EU delegation to investigate Vietnamese seafood

Related tags Seafood International trade

A team of EU inspectors has arrived in Vietnam to investigate the
country's seafood sanitary conditions, after excessively high
levels of antibiotics were discovered in a batch of seafood
exports, Tom Armitage reports.

The four-member delegation, part of the EU's Health and Consumer Protection Directorate General, will inspect seafood breeding areas, processing units and several laboratories of provincial fisheries departments and will be accompanied throughout their eleven-day investigation by Vietnam's National Fisheries Quality Assurance and Nafiquaved, the Vietnamese Veterinary Directorate.

The Vietnamese Ministry of Fisheries has previously lambasted the seafood industry for failing to establish adequate regulatory controls to prevent the proliferation of antibiotics and chemicals used in seafood - something that has also attracted criticism from the EU, Canada and the US - all of which have strict legislation governing these areas.

Currently there are around 330 seafood processing facilities in Vietnam, 100 of which are approved to export to the EU - although this figure is expected to rise as distribution networks improve.
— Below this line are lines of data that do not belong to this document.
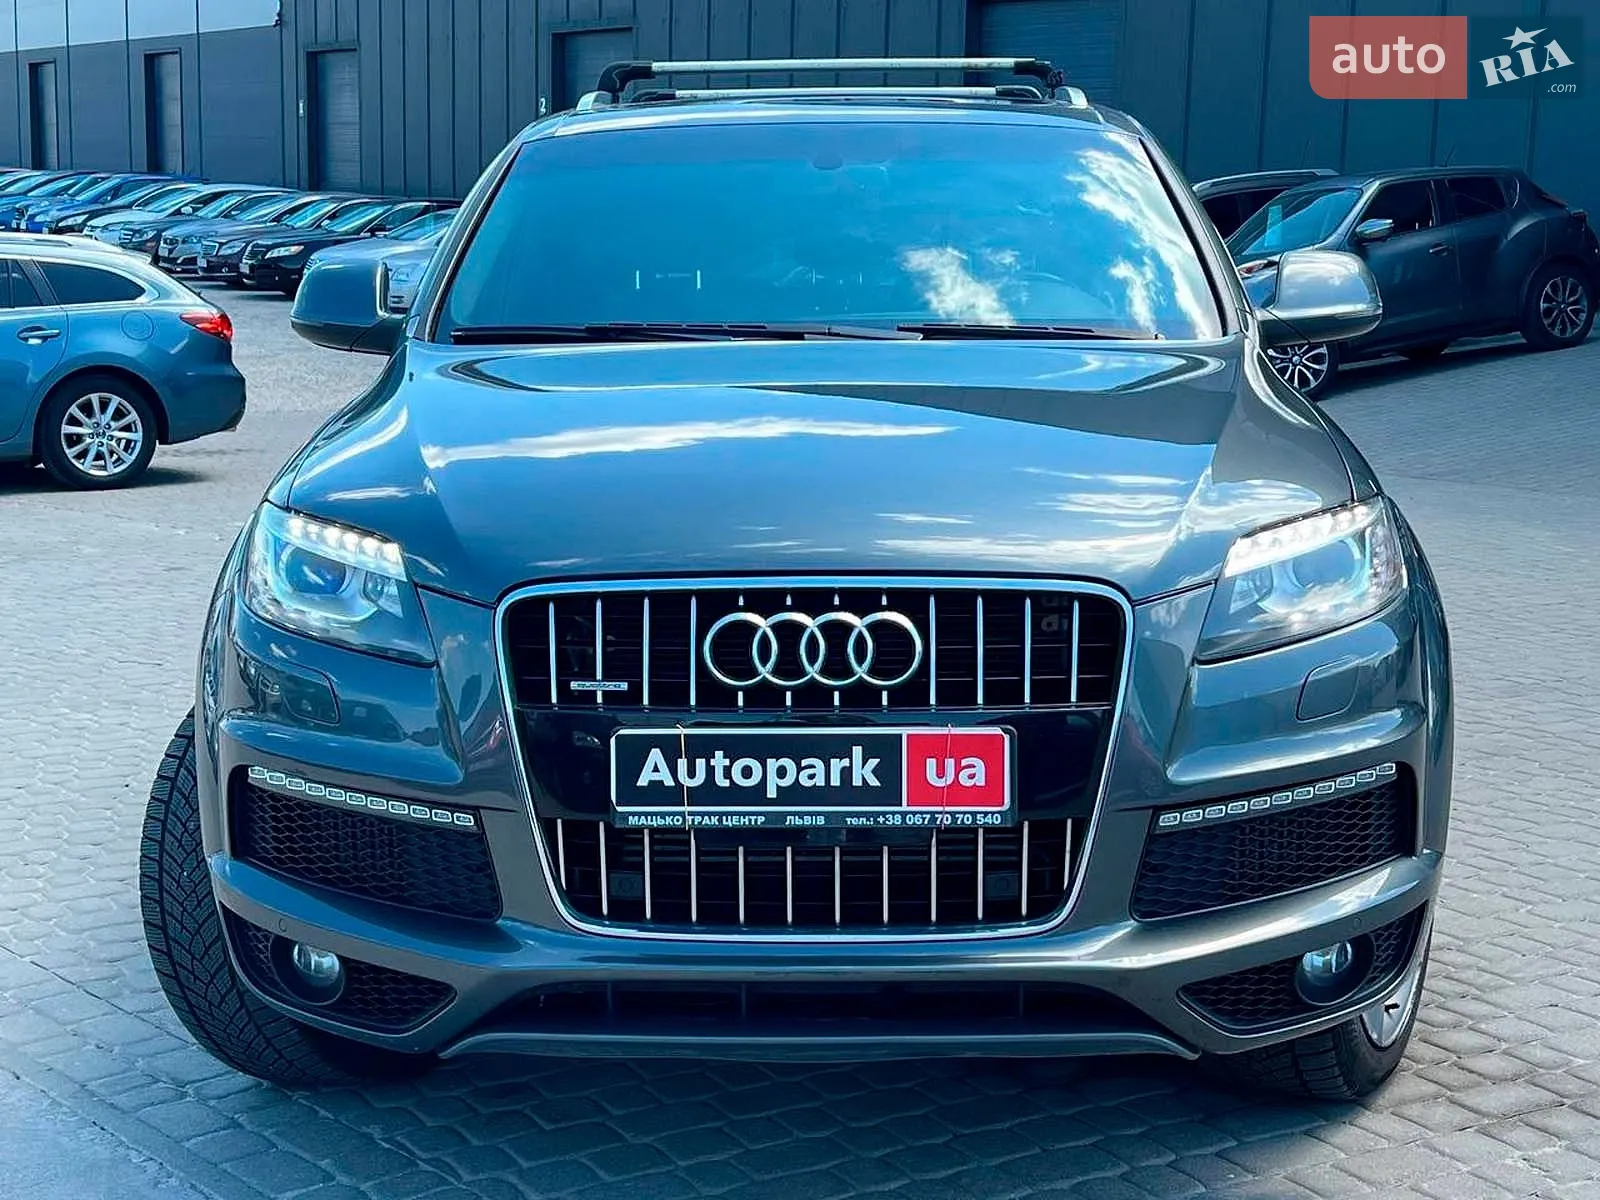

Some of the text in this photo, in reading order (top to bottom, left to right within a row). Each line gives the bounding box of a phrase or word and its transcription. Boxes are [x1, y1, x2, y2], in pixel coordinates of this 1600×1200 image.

[636, 745, 987, 798] Autopark ua
[628, 815, 683, 826] МАЦЬКО
[687, 815, 719, 825] ТРАК
[722, 815, 766, 826] ЦЕНТР
[785, 815, 825, 825] ЛЬВІВ
[877, 814, 902, 825] +38
[906, 814, 931, 825] 067
[955, 814, 972, 825] 70
[976, 814, 1001, 825] 540
Ta Quang Ngoc, Vietnam's Fisheries Minister, recently ordered fisheries departments of every province to heighten control over blacklisted antibiotics and chemicals used in seafood production and has since threatened to bar producers that have cargoes containing high antibiotic levels from selling their products to the EU.

According to FAO statistics, Vietnamese seafood exports notched up a record US$2.2 billion in 2003 and sales during the previous year increased by around 21 per cent.
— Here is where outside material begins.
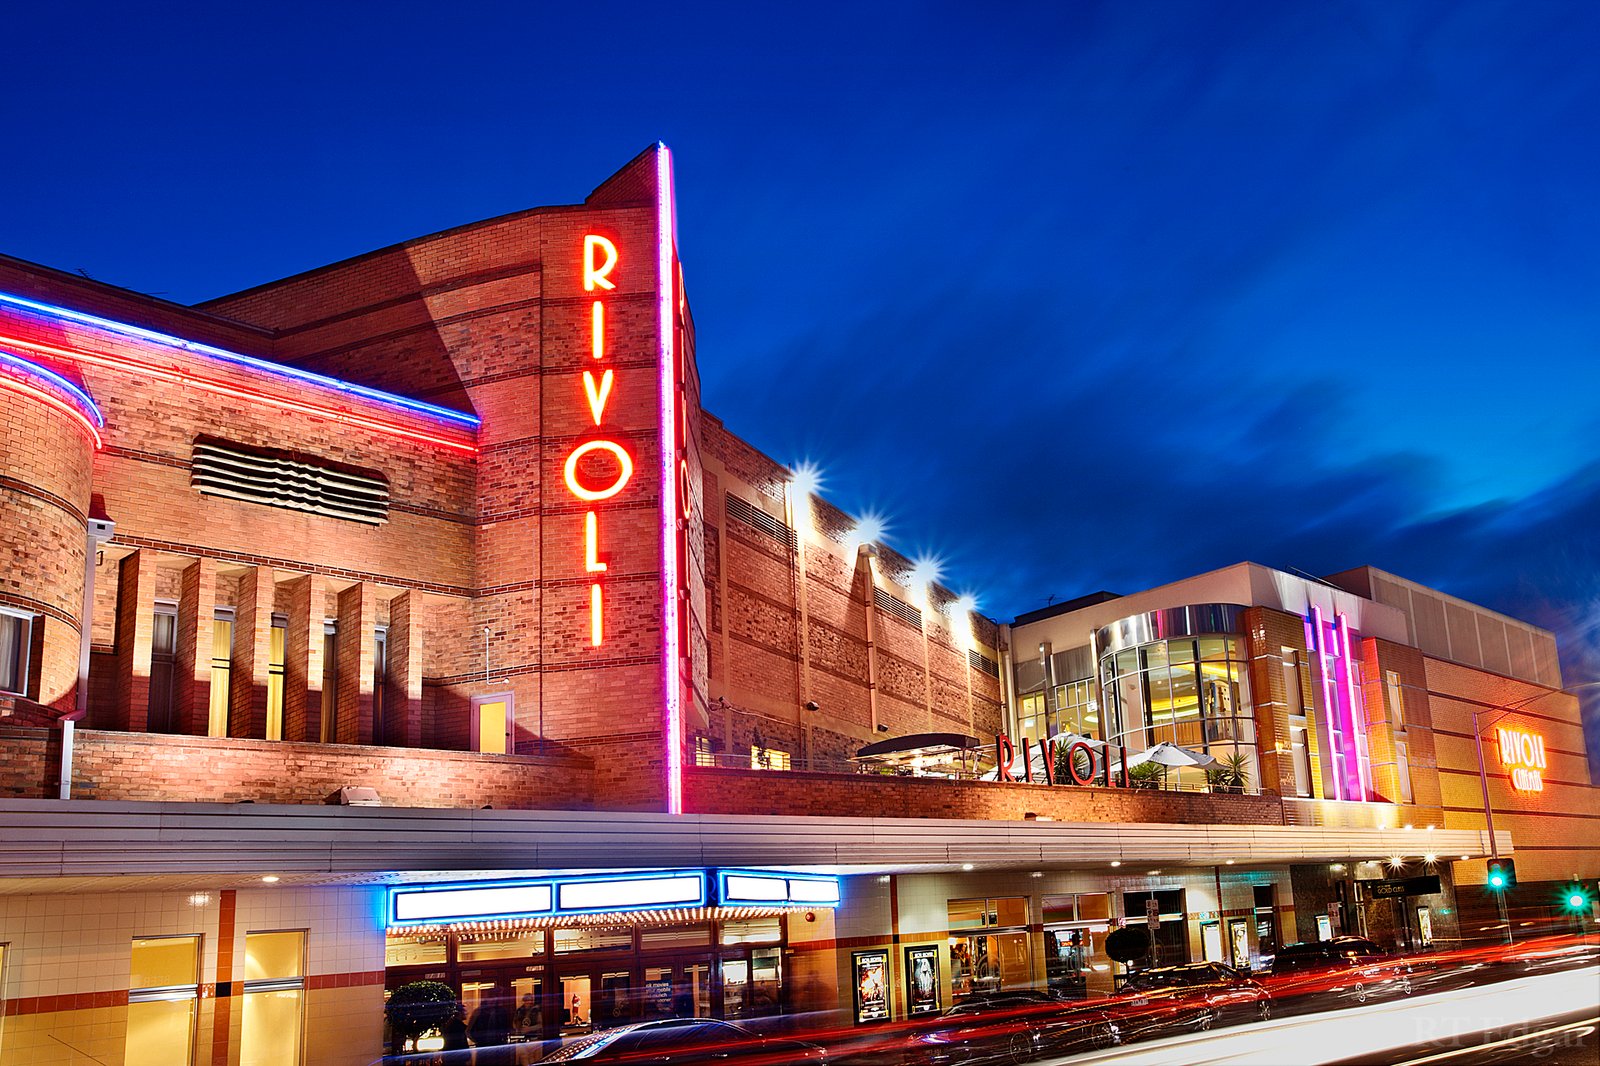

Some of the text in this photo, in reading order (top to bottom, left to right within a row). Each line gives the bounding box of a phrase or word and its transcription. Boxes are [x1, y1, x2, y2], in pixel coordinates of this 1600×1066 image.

[564, 234, 633, 647] RIVOLI
[995, 734, 1130, 788] RIVOLI
[1499, 728, 1547, 768] RIVOLI
The EU accounted for 29 per cent of Vietnam's total shrimp and fish exports in 2003 - the country's third largest export destination - while the Japanese and US markets each accounted for larger respective shares of 36.7 and 48.4 per cent.

In an attempt to up shrimp exports to the EU (currently the region remains a relatively small export market for Vietnam, accounting for just 3.6 per cent of sales in 2003), the Vietnamese Association of Seafood Exporters and Producers (VASEP) has arranged for Vietnamese companies to participate in the major European exhibitions such as the European Seafood Exposition (ESE) in Brussels and SIAL in Paris.
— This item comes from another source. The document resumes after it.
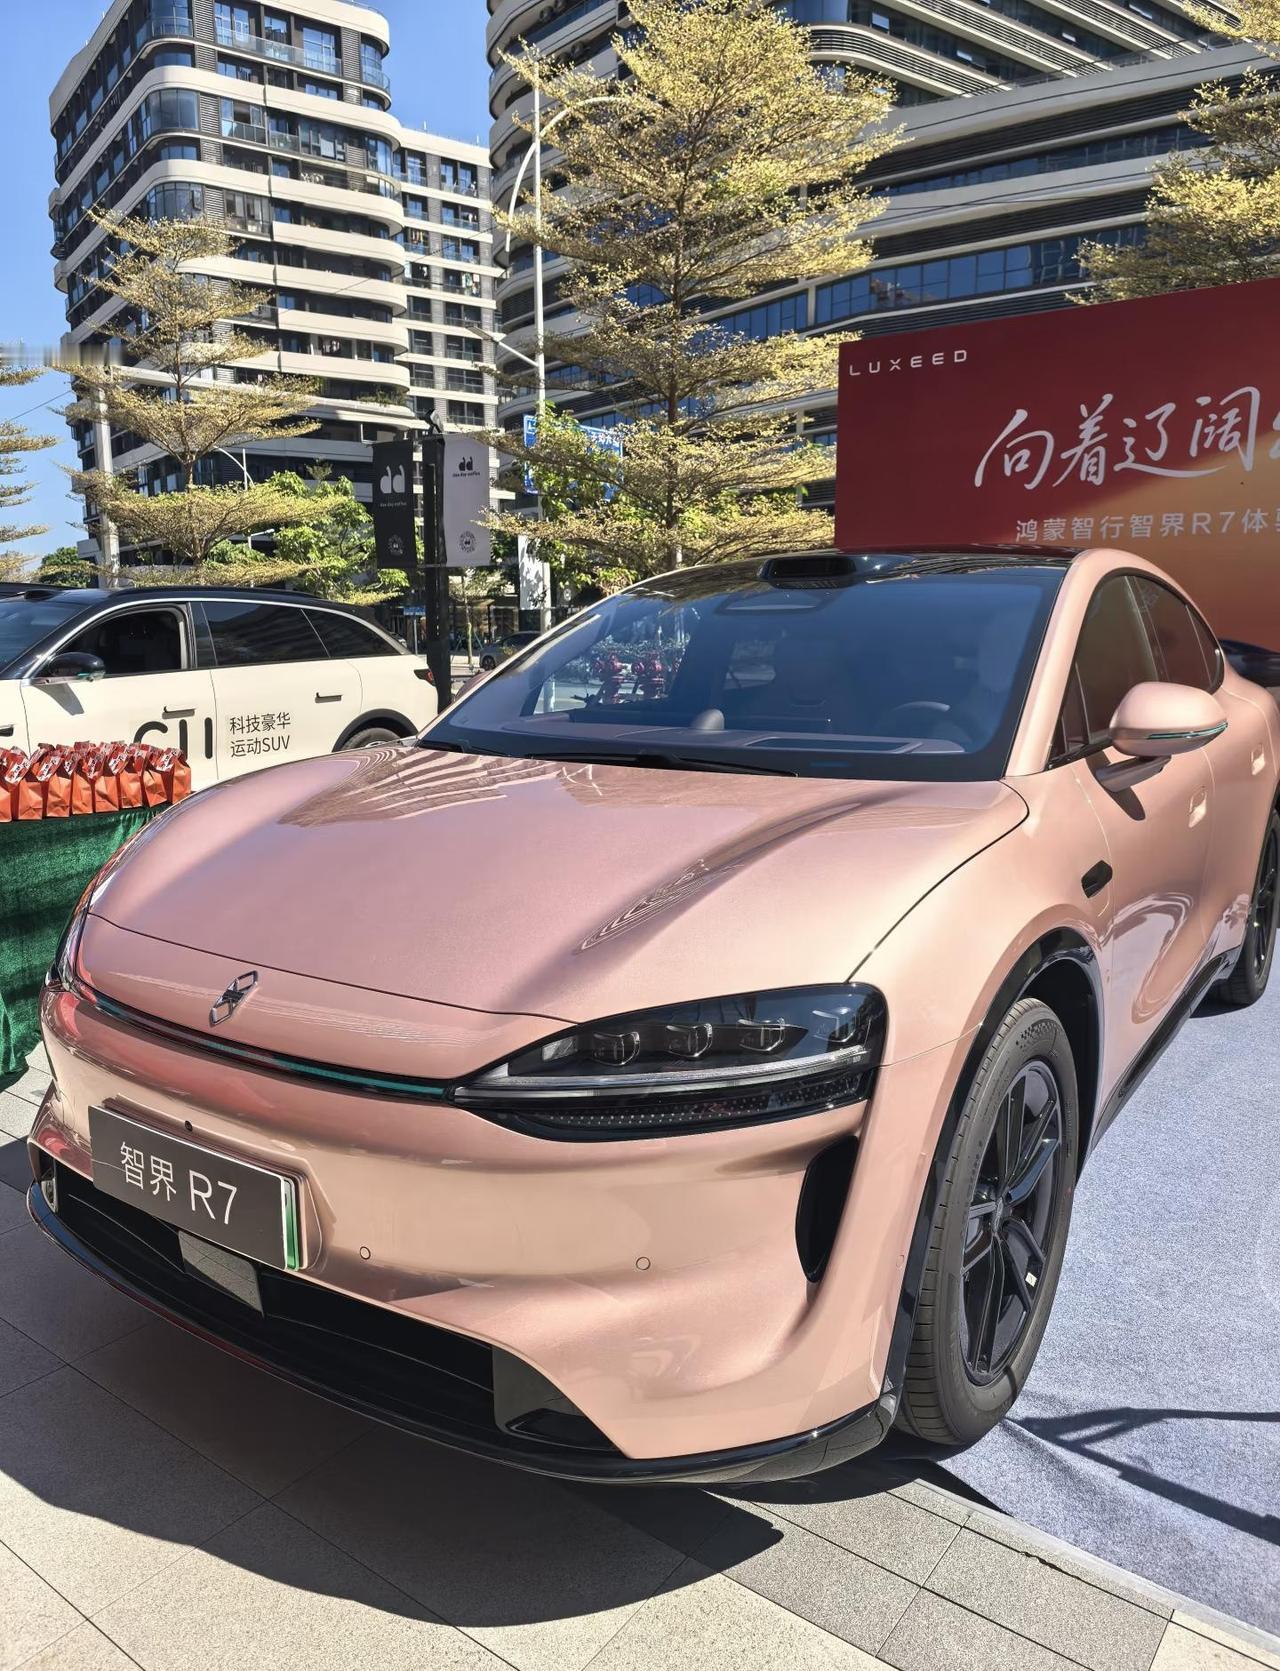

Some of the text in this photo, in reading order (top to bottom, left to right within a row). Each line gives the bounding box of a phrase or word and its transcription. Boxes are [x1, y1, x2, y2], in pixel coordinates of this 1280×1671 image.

Furthermore, VASEP has been assisting exporters in developing markets in several countries, including the UK, Netherlands and Italy, and is currently looking at the possibility of setting up representative marketing hubs in a number of overseas markets.

Conversely, Vietnam's Ministry of Trade has said that seafood exports to Japan alone will notch up US$750 million this year, increasing to US$1 billion by 2010.

But, says the Ministry, in order to achieve its target, Vietnam's seafood industry must first bolster sales of other seafood products, for instance, fresh shrimp, dried squid, cuttlefish, tuna and other processed products.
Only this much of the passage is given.